Ele tinha razão. Aquilo tudo podia ser bom para o emprego, mas podia também ser fatal para minha carreira, de modo que resolvi resumir o que tínhamos escrito juntos.
— Baseando-me em observações pessoais, desenvolvi junto com Sherine Khalil alguns pontos, que terei o maior prazer em discutir com quem se interessar. Aqui vão os principais:
“A] todos nós temos uma capacidade desconhecida, e que permanecerá desconhecida para sempre. Mesmo assim, ela pode ser nossa aliada. Como é impossível medi-la ou dar a esta capacidade um valor econômico, nunca é levada em consideração, mas estou falando aqui com seres humanos, tenho certeza que entendem o que estou dizendo, pelo menos em teoria.
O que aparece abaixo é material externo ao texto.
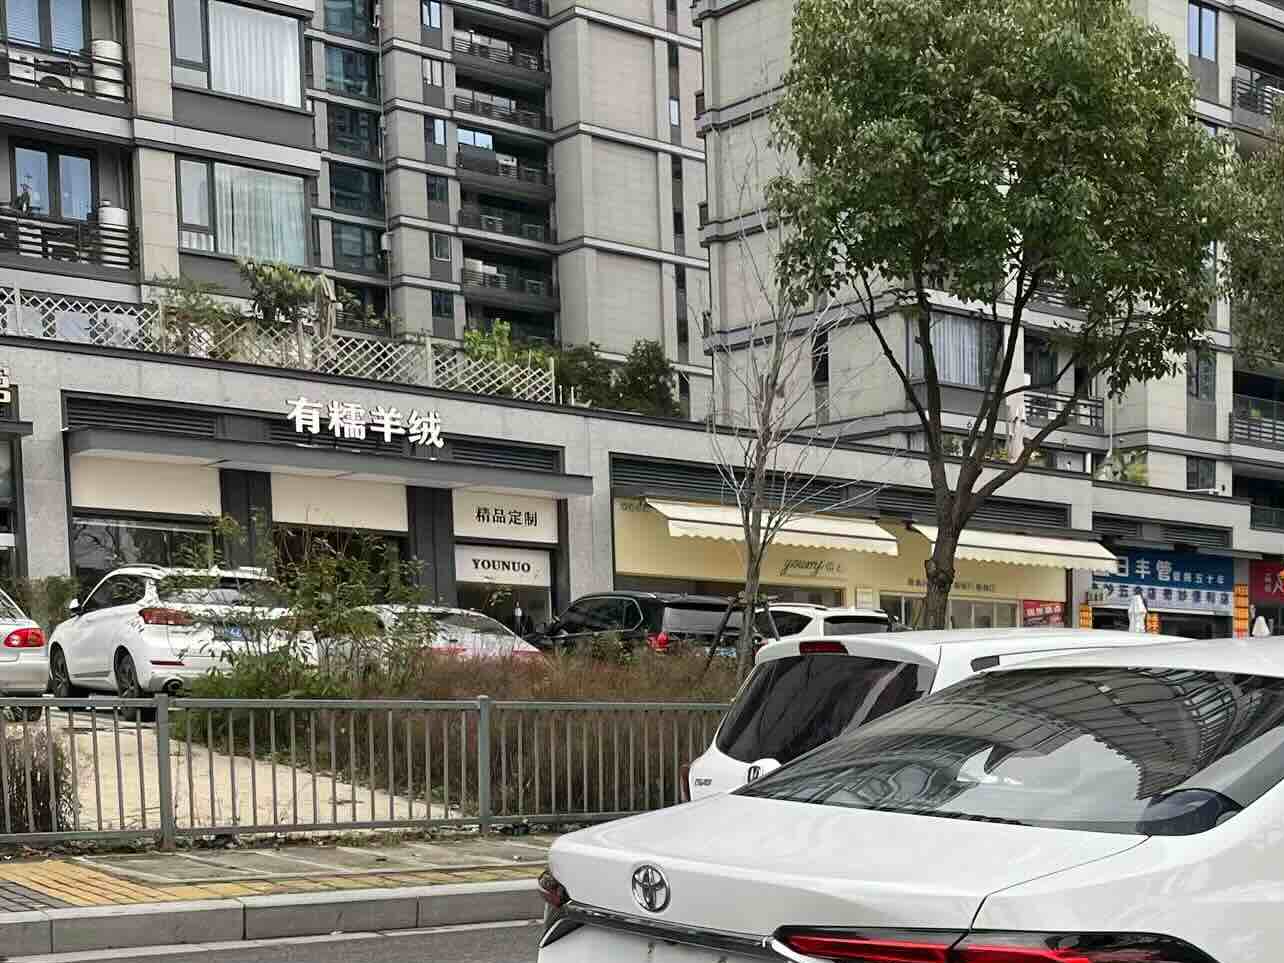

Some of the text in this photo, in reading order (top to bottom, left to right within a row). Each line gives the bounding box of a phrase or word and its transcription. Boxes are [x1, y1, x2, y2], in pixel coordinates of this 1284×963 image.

[286, 397, 445, 449] 有糯羊绒
[475, 507, 538, 527] 精品定制
[471, 558, 531, 573] YOUNUO
“B] Na minha agência, tal capacidade foi provocada através de uma dança baseada em um ritmo que, se não me engano, vem dos desertos da Ásia. Mas o lugar onde nasceu é irrelevante, desde que as pessoas possam expressar com seu corpo o que a alma pretende dizer. Sei que a palavra ‘alma’ pode ser mal compreendida aqui, portanto aconselho que a troquemos por
‘intuição’. E se esta palavra também não for bem assimilada, usaremos então ‘emoções primárias’, que parece ter uma conotação mais científica, embora queira dizer menos do que as palavras anteriores.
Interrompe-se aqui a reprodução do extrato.